*Task prompt:*
Exactly the lines from the one containing "Some of the text" through the end of the listing must make up the answer, with no pictures included.

++++++++++

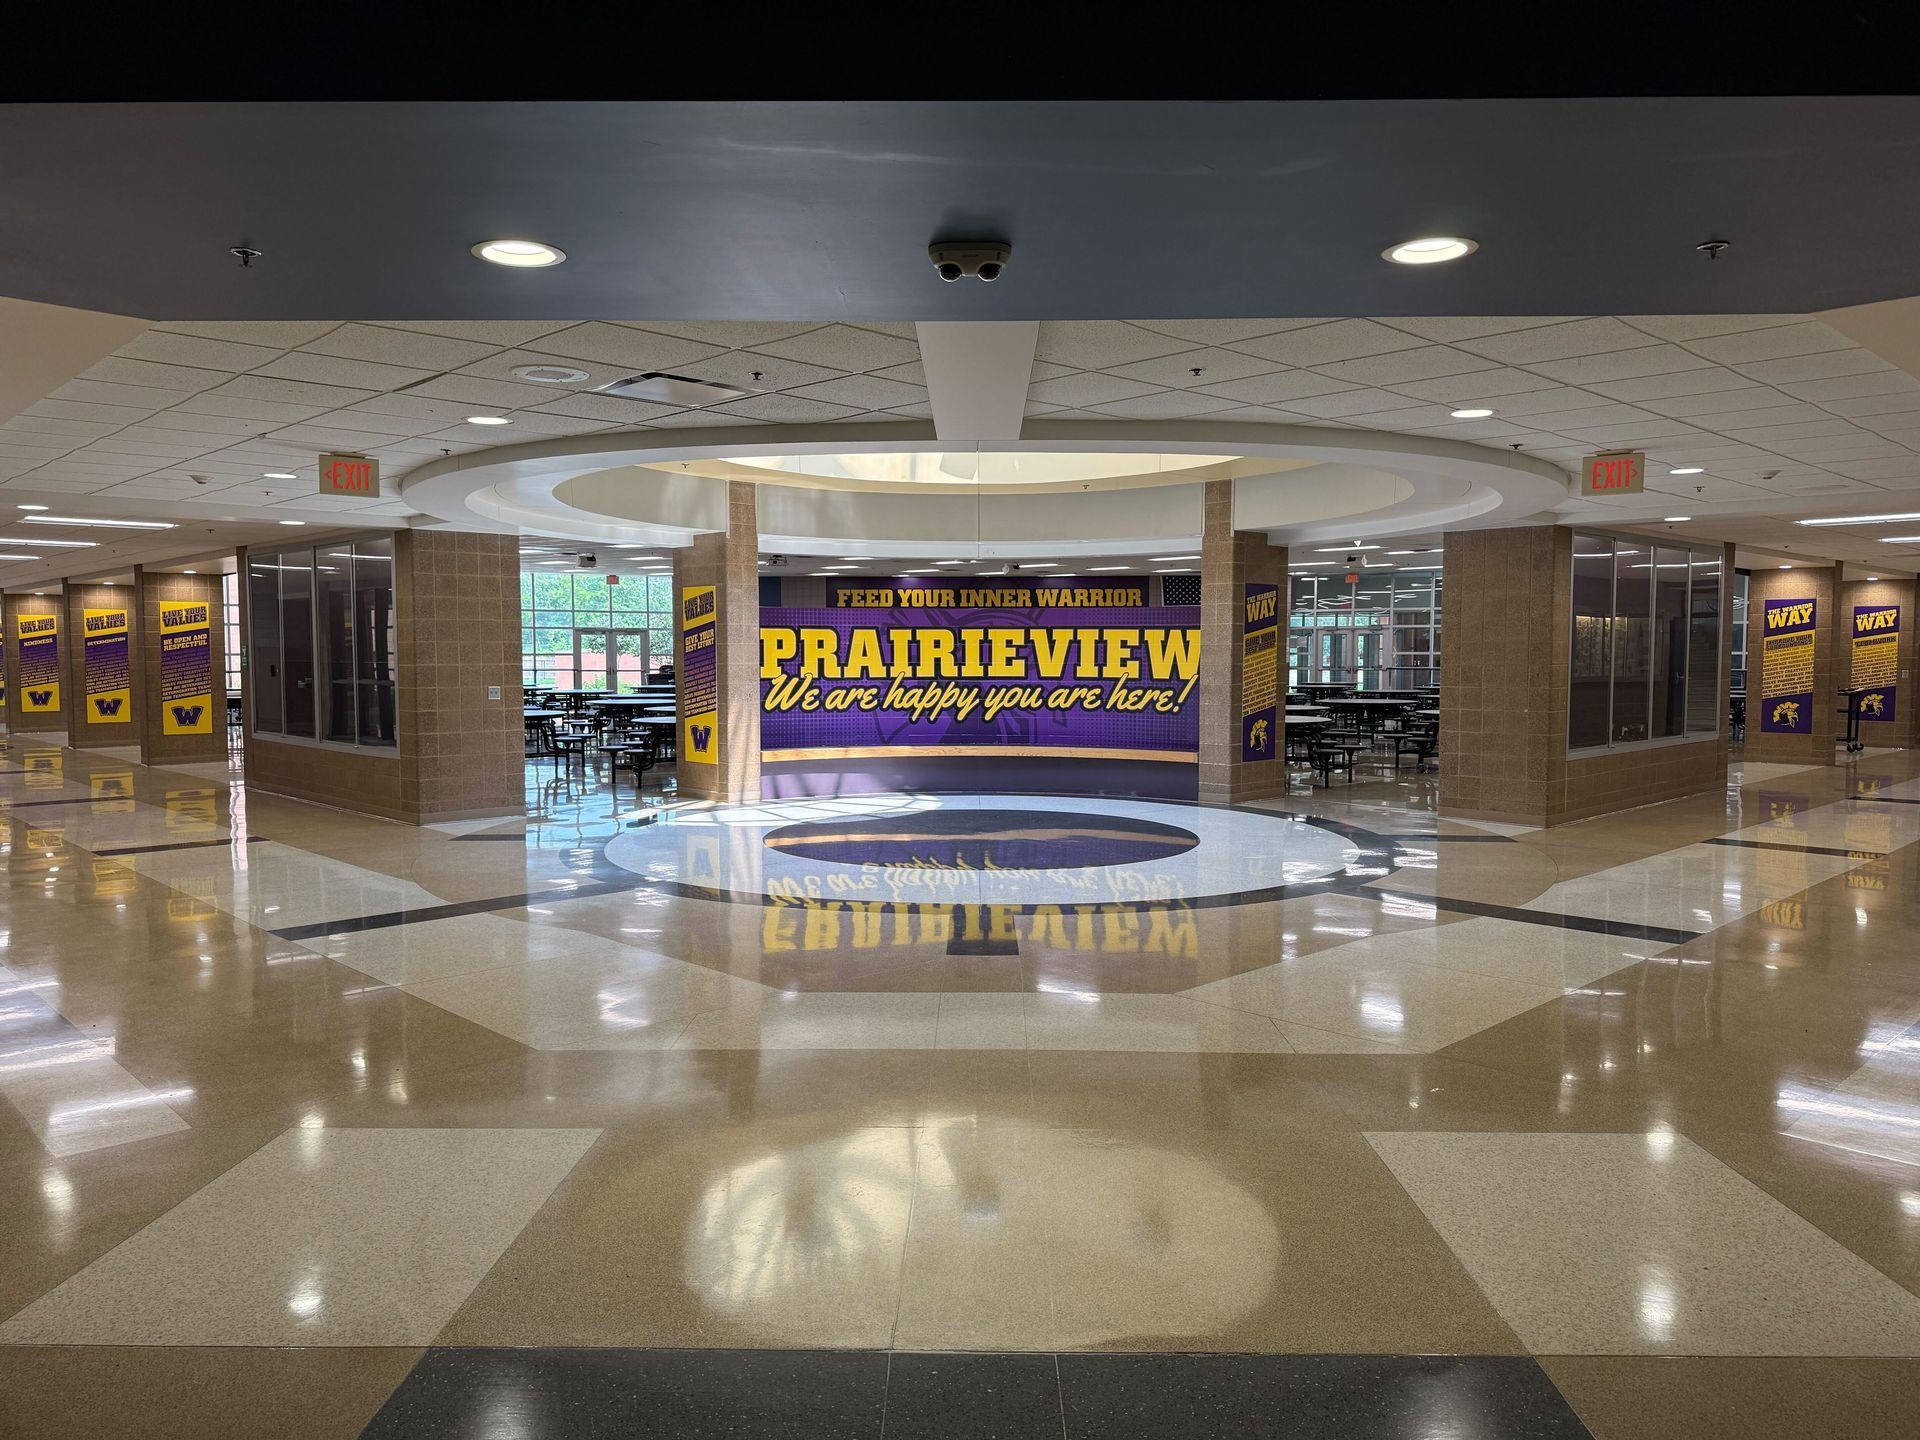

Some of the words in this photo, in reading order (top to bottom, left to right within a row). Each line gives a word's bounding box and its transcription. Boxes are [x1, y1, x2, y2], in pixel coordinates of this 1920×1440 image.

[332, 461, 372, 491] EXIT
[1592, 460, 1634, 489] EXIT
[685, 595, 698, 608] LIVE
[699, 590, 714, 603] YOUR
[836, 588, 893, 608] FEED
[898, 588, 955, 608] YOUR
[959, 588, 1031, 608] INNER
[1035, 588, 1143, 608] WARRIOR
[1247, 595, 1256, 604] THE
[1256, 590, 1277, 601] WARRIOR
[162, 608, 183, 618] LIVE
[184, 605, 206, 616] YOUR
[685, 600, 714, 621] VALUES
[1246, 596, 1277, 623] WAY
[1782, 602, 1813, 613] WARRIOR
[1869, 609, 1897, 617] WARRIOR
[86, 616, 104, 624] LIVE
[106, 613, 125, 621] YOUR
[86, 620, 126, 631] VALUES
[163, 613, 207, 627] VALUES
[1767, 607, 1814, 629] WAY
[1856, 613, 1897, 632] WAY
[21, 623, 55, 634] VALUES
[23, 638, 53, 647] KINDNESS
[87, 637, 126, 647] DETERMINATION
[173, 635, 192, 644] OPEN
[193, 633, 208, 641] AND
[685, 633, 699, 646] GIVE
[699, 628, 714, 641] YOUR
[1245, 637, 1260, 648] GIVE
[1260, 631, 1276, 643] YOUR
[1855, 636, 1897, 647] TEAMWORK
[163, 640, 208, 651] RESPECTFUL
[685, 643, 697, 653] BEST
[697, 638, 714, 649] EFFORT
[760, 627, 1200, 680] PRAIRIEVIEW
[28, 691, 53, 706] W
[764, 672, 820, 711] We
[825, 686, 878, 710] are
[882, 671, 979, 722] happy
[984, 686, 1042, 721] you
[1048, 686, 1101, 710] are
[1106, 672, 1199, 713] here!
[94, 698, 124, 717] W
[171, 705, 204, 727] W
[690, 724, 712, 753] W
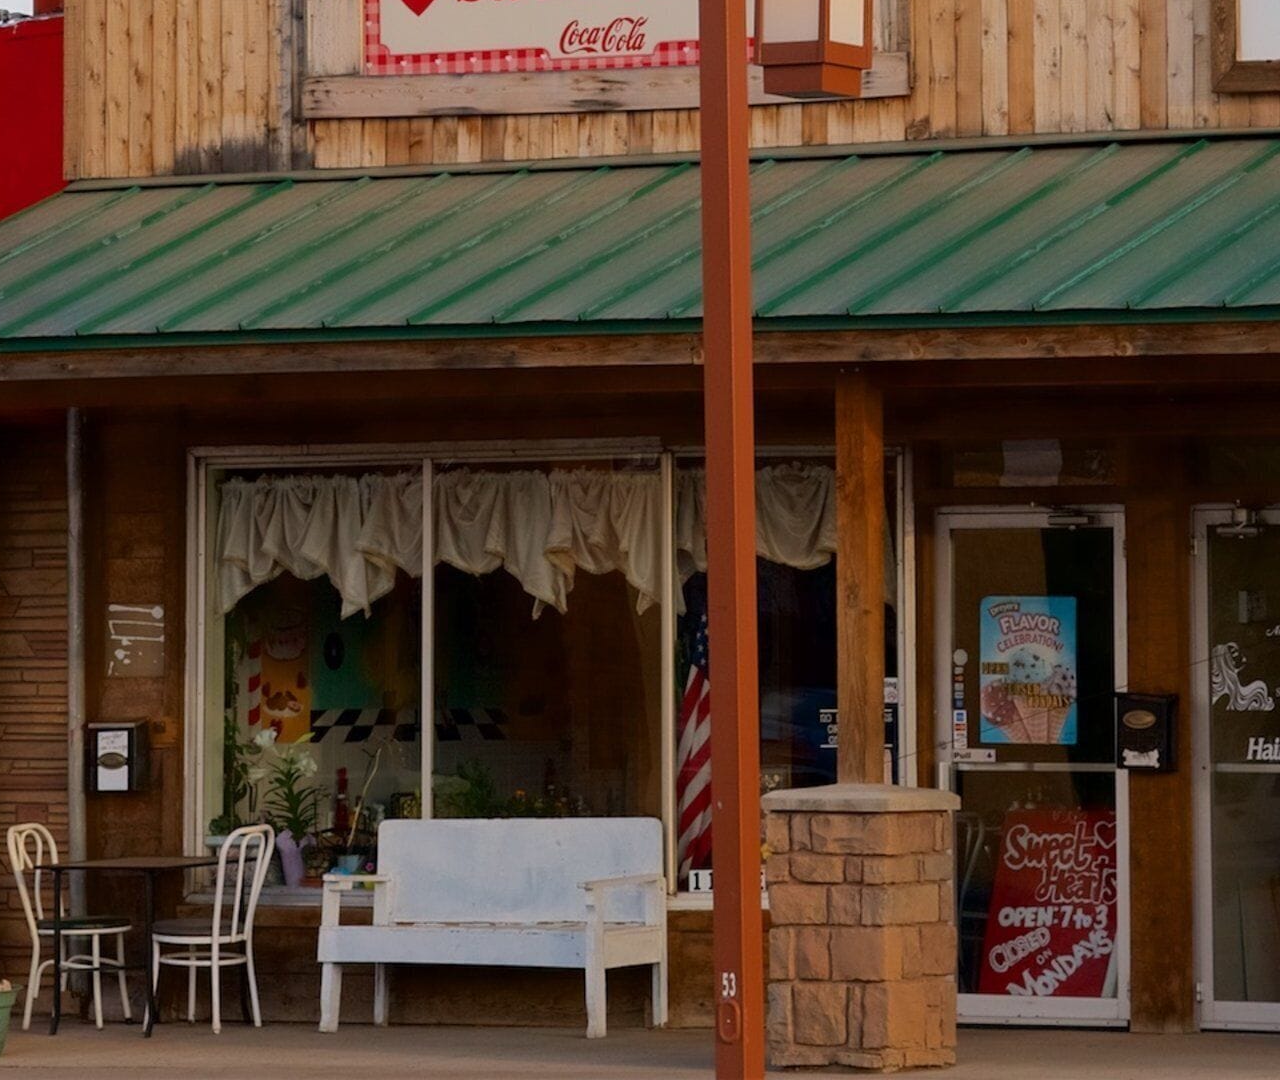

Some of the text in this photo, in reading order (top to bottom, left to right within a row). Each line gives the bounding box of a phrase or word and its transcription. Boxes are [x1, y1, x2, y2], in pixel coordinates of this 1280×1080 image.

[559, 17, 649, 54] Coca-Cola
[1000, 613, 1061, 635] FLAVOR
[997, 633, 1064, 653] CELEBRATION!
[1004, 821, 1097, 871] Sweet
[998, 904, 1108, 929] OPEN: 7 to 3
[988, 926, 1051, 973] CLOSED
[1006, 929, 1113, 996] MONDAYS
[722, 972, 736, 997] 53
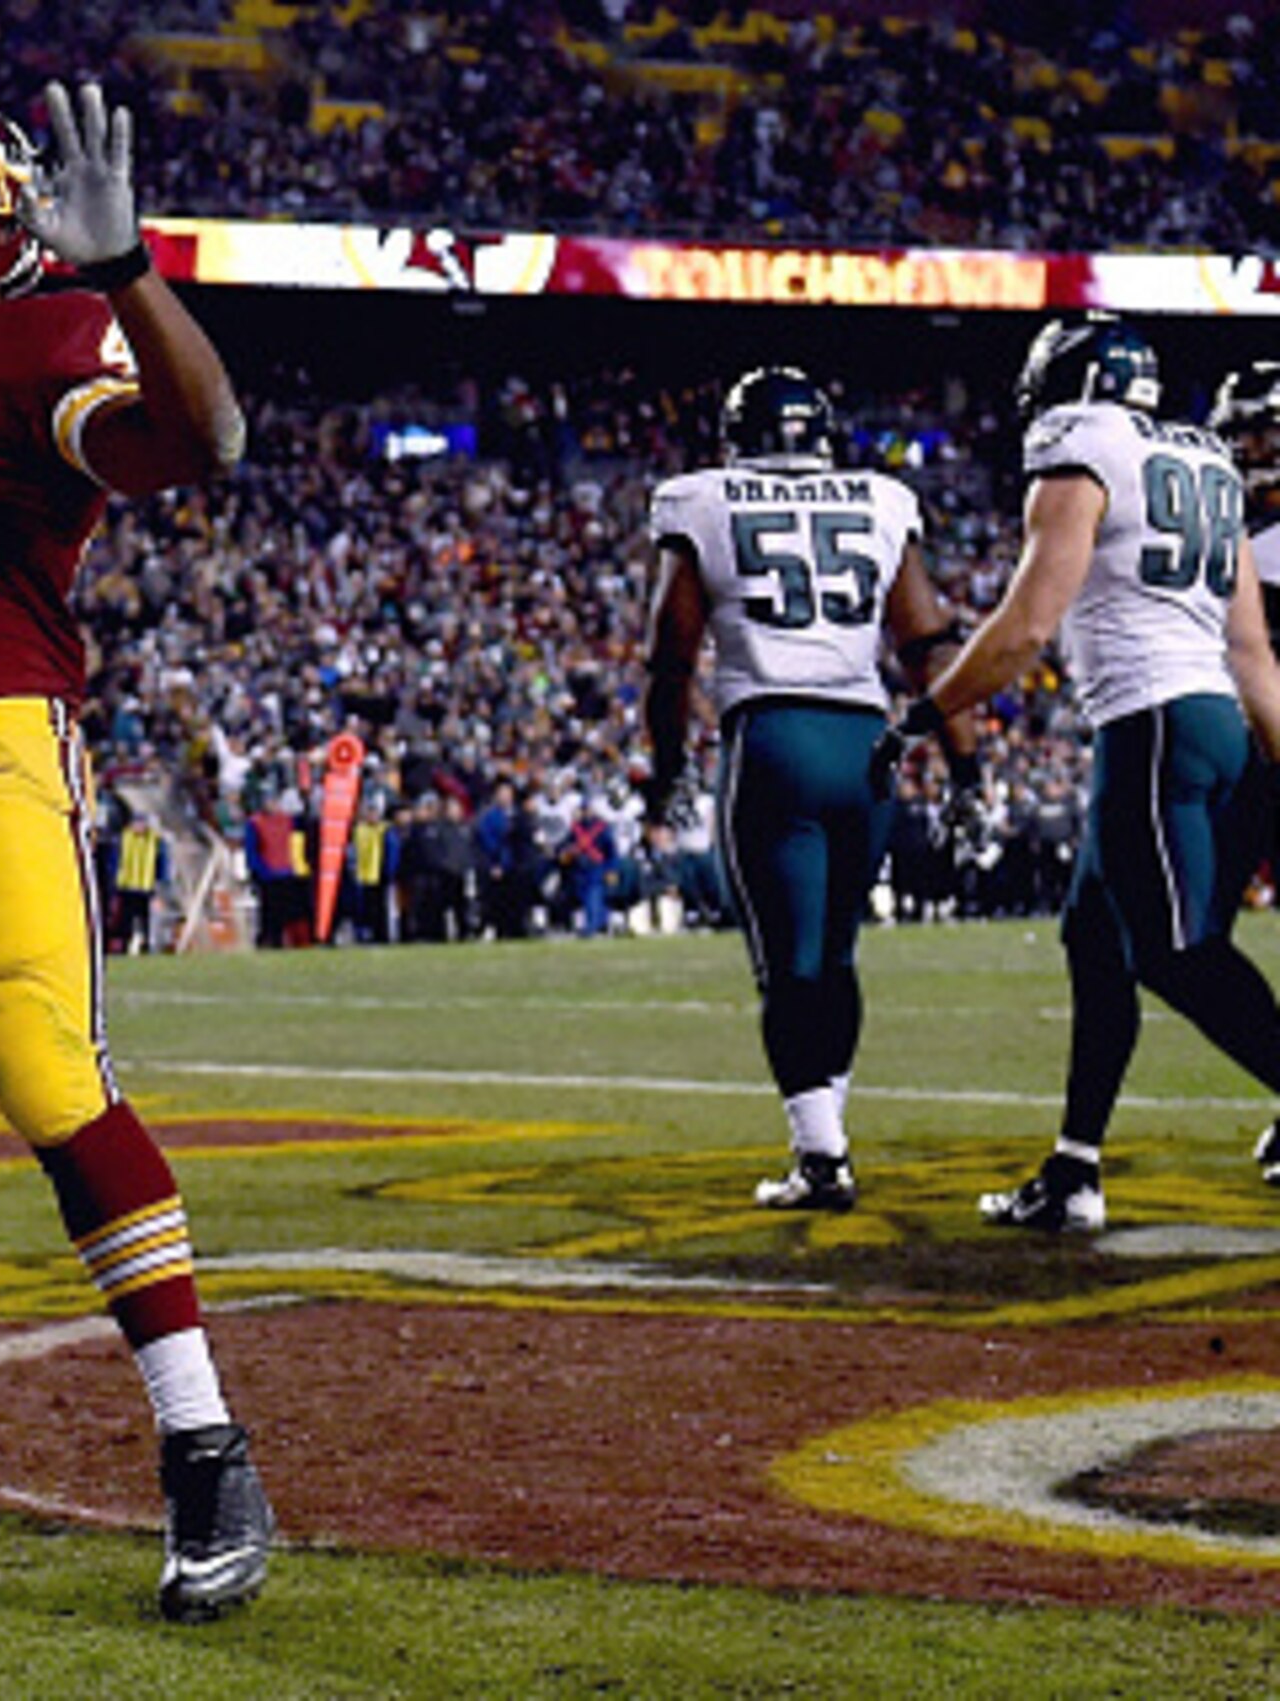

++++++++++

*Solution:*
Some of the text in this photo, in reading order (top to bottom, left to right within a row). Each line gives the bounding box of a phrase or word and its transcription. Boxes are [x1, y1, x2, y2], in pixel coordinates of this 1280×1080 image.

[559, 17, 649, 54] Coca-Cola
[1000, 613, 1061, 635] FLAVOR
[997, 633, 1064, 653] CELEBRATION!
[1004, 821, 1097, 871] Sweet
[998, 904, 1108, 929] OPEN: 7 to 3
[988, 926, 1051, 973] CLOSED
[1006, 929, 1113, 996] MONDAYS
[722, 972, 736, 997] 53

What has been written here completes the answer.